**EXERCISE DETAILS:**
An exact reproduction of the data below is expected, free of images.
───── MATERIAL PROVIDED
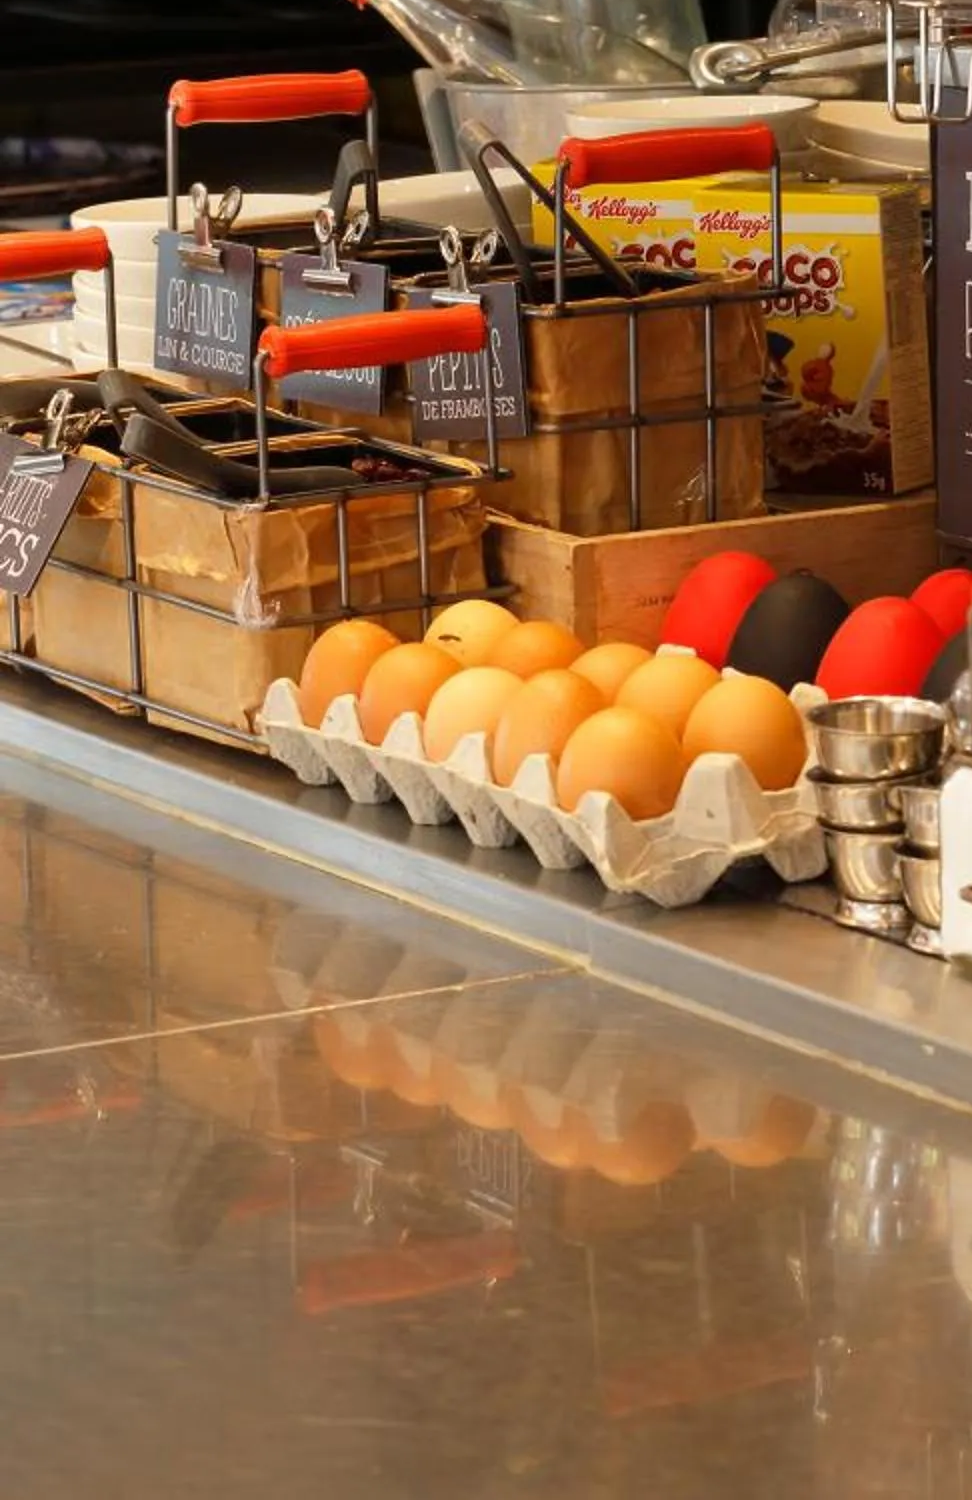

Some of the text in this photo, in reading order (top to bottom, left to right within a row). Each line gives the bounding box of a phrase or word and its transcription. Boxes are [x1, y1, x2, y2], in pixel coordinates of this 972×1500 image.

[587, 195, 658, 225] Kellogg's
[700, 209, 771, 239] Kellogg's
[167, 277, 239, 344] GRAINES
[157, 335, 246, 376] LIN & COURGE
[421, 401, 440, 421] DE
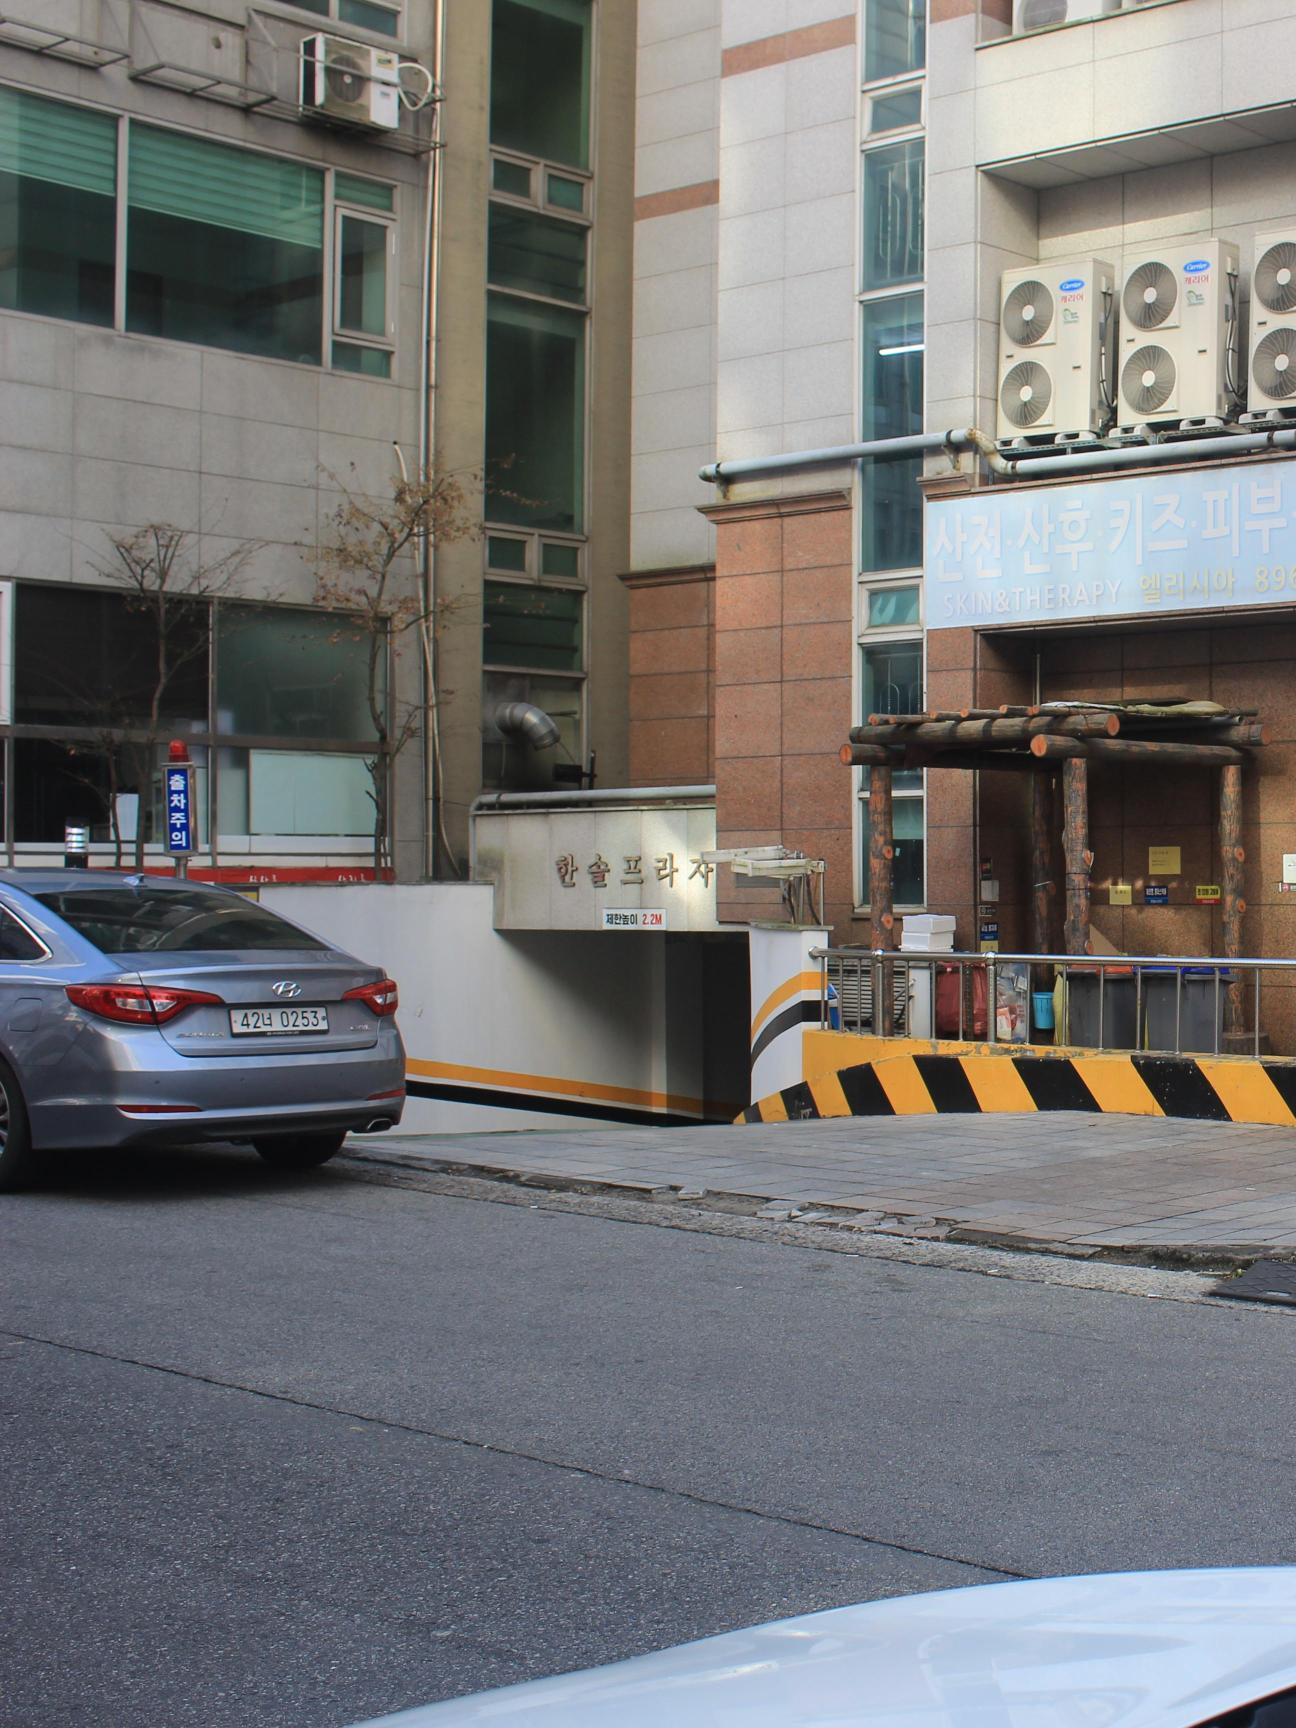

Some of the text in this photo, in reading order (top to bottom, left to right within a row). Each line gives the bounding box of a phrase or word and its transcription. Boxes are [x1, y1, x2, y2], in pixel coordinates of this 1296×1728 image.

[943, 578, 1121, 619] SKIN&THERAPY
[169, 774, 187, 847] 출차주의
[555, 853, 714, 888] 한솔프라자
[606, 913, 662, 925] 제한높이 2.2M
[240, 1011, 319, 1030] 42너 0253
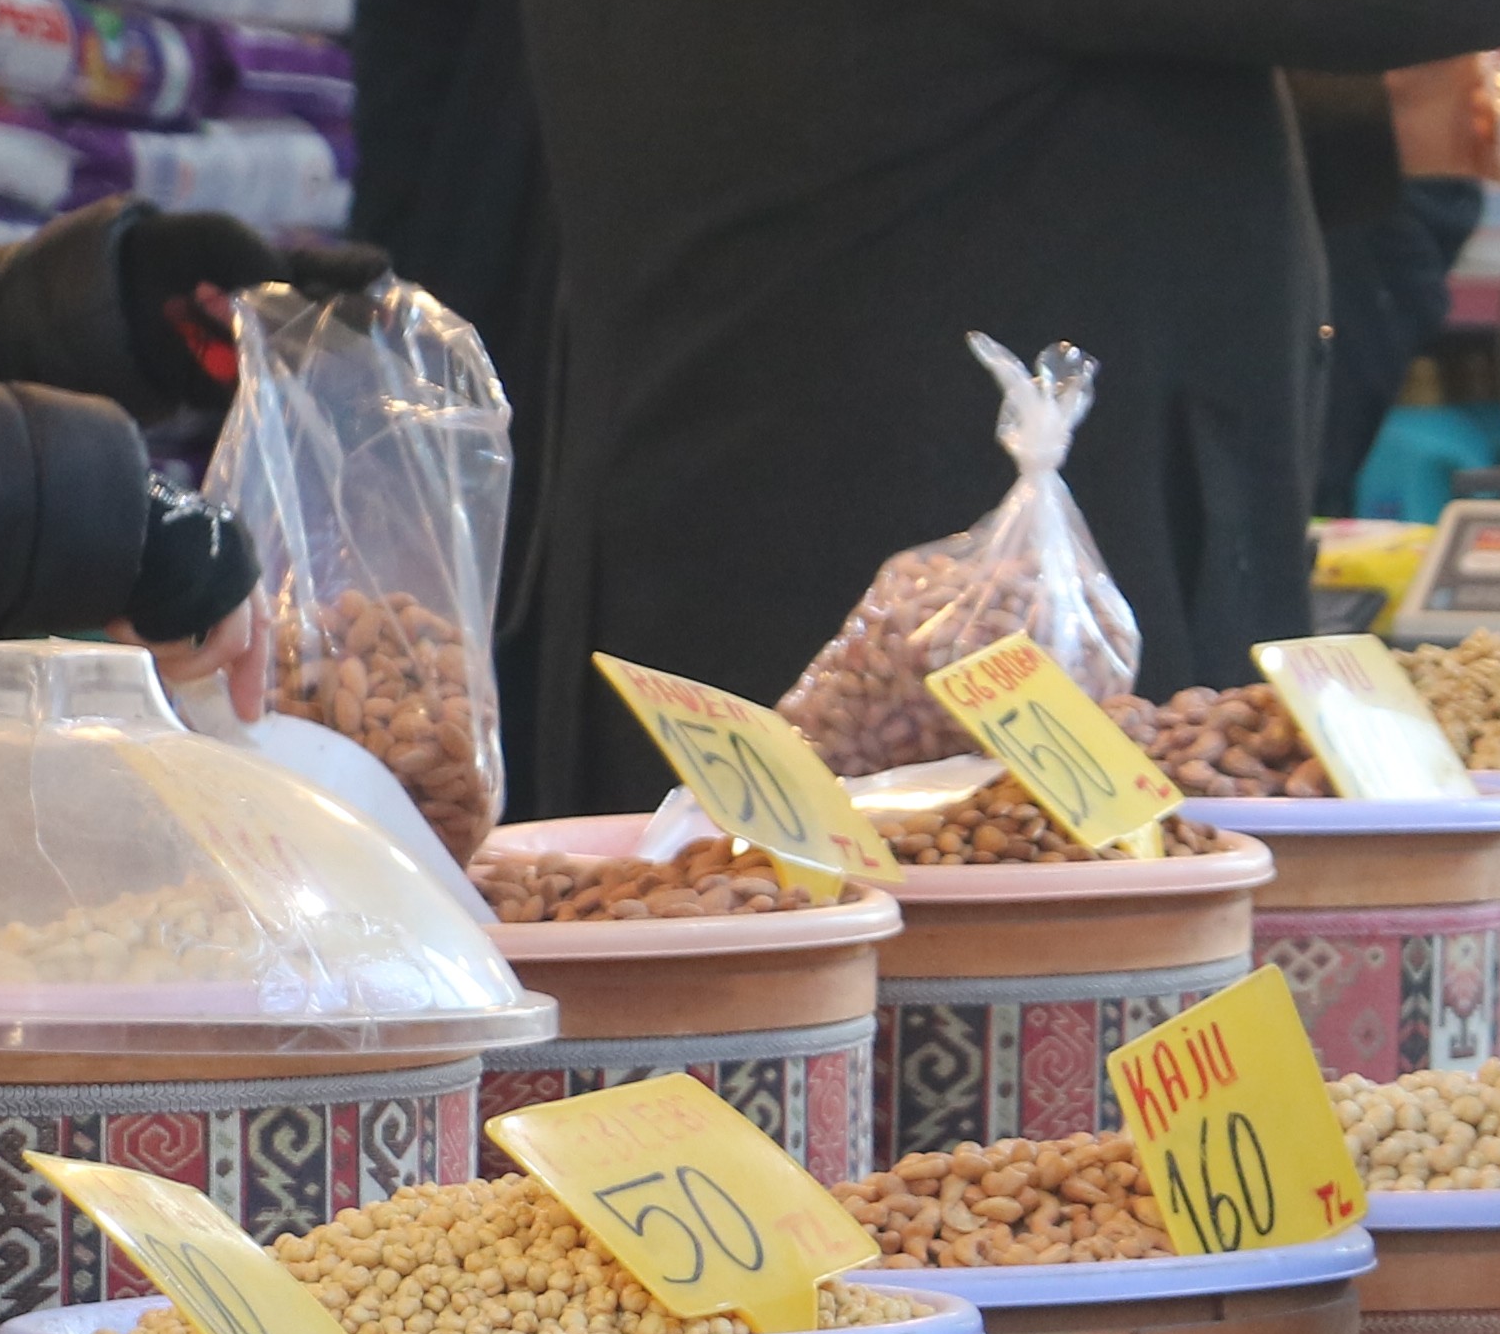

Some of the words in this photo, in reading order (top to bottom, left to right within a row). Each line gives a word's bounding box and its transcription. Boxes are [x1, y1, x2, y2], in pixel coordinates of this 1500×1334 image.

[655, 712, 806, 843] 150
[981, 699, 1117, 829] 150
[592, 1165, 765, 1285] 50
[772, 1206, 852, 1257] TL
[1164, 1112, 1276, 1254] 160
──────────
**TASK RESPONSE:**
Some of the text in this photo, in reading order (top to bottom, left to right within a row). Each line gives the bounding box of a phrase or word and its transcription. Boxes are [x1, y1, x2, y2], in pixel coordinates of this 972×1500 image.

[587, 195, 658, 225] Kellogg's
[700, 209, 771, 239] Kellogg's
[167, 277, 239, 344] GRAINES
[157, 335, 246, 376] LIN & COURGE
[421, 401, 440, 421] DE

Some of the text in this photo, in reading order (top to bottom, left to right within a row). Each line gives the bounding box of a phrase or word and its transcription. Boxes are [x1, y1, x2, y2], in pixel coordinates of this 1296×1728 image.

[943, 578, 1121, 619] SKIN&THERAPY
[169, 774, 187, 847] 출차주의
[555, 853, 714, 888] 한솔프라자
[606, 913, 662, 925] 제한높이 2.2M
[240, 1011, 319, 1030] 42너 0253

Some of the words in this photo, in reading order (top to bottom, left to right within a row). Each line gives a word's bounding box and its transcription. Boxes are [x1, y1, x2, y2], in pixel coordinates of this 1500×1334 image.

[655, 712, 806, 843] 150
[981, 699, 1117, 829] 150
[592, 1165, 765, 1285] 50
[772, 1206, 852, 1257] TL
[1164, 1112, 1276, 1254] 160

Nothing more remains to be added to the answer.